TASK ITEM =>
Restate the listing below word for word, omitting any images.

INPUT MATERIAL =>

▼▼▼

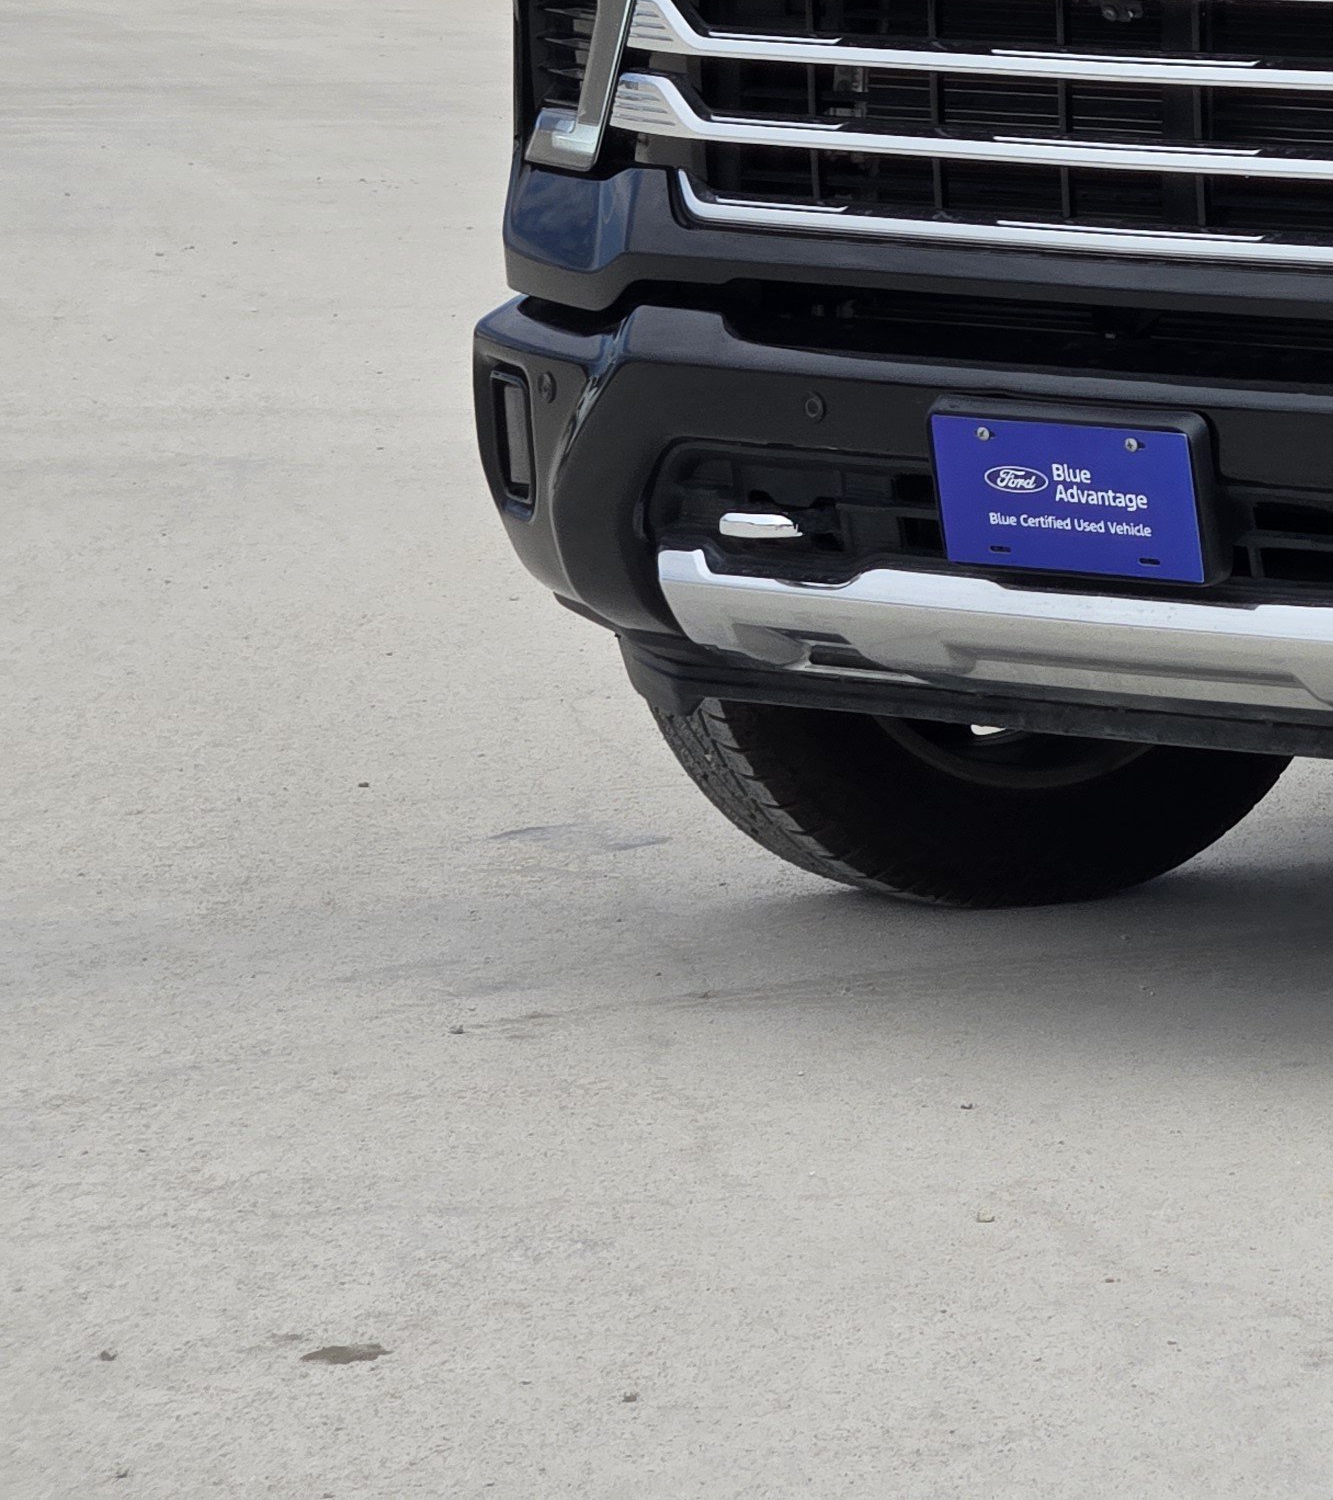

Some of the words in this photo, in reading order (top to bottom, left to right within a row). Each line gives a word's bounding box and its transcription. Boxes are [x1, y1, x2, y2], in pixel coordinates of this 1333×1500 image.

[995, 468, 1037, 490] Ford
[1051, 463, 1092, 484] Blue
[1055, 484, 1149, 512] Advantage
[988, 512, 1018, 526] Blue
[1019, 513, 1072, 531] Certified
[1074, 518, 1105, 533] Used
[1107, 521, 1152, 537] Vehicle

▲▲▲

EXERCISE ANSWER =>
Some of the words in this photo, in reading order (top to bottom, left to right within a row). Each line gives a word's bounding box and its transcription. Boxes are [x1, y1, x2, y2], in pixel coordinates of this 1333×1500 image.

[995, 468, 1037, 490] Ford
[1051, 463, 1092, 484] Blue
[1055, 484, 1149, 512] Advantage
[988, 512, 1018, 526] Blue
[1019, 513, 1072, 531] Certified
[1074, 518, 1105, 533] Used
[1107, 521, 1152, 537] Vehicle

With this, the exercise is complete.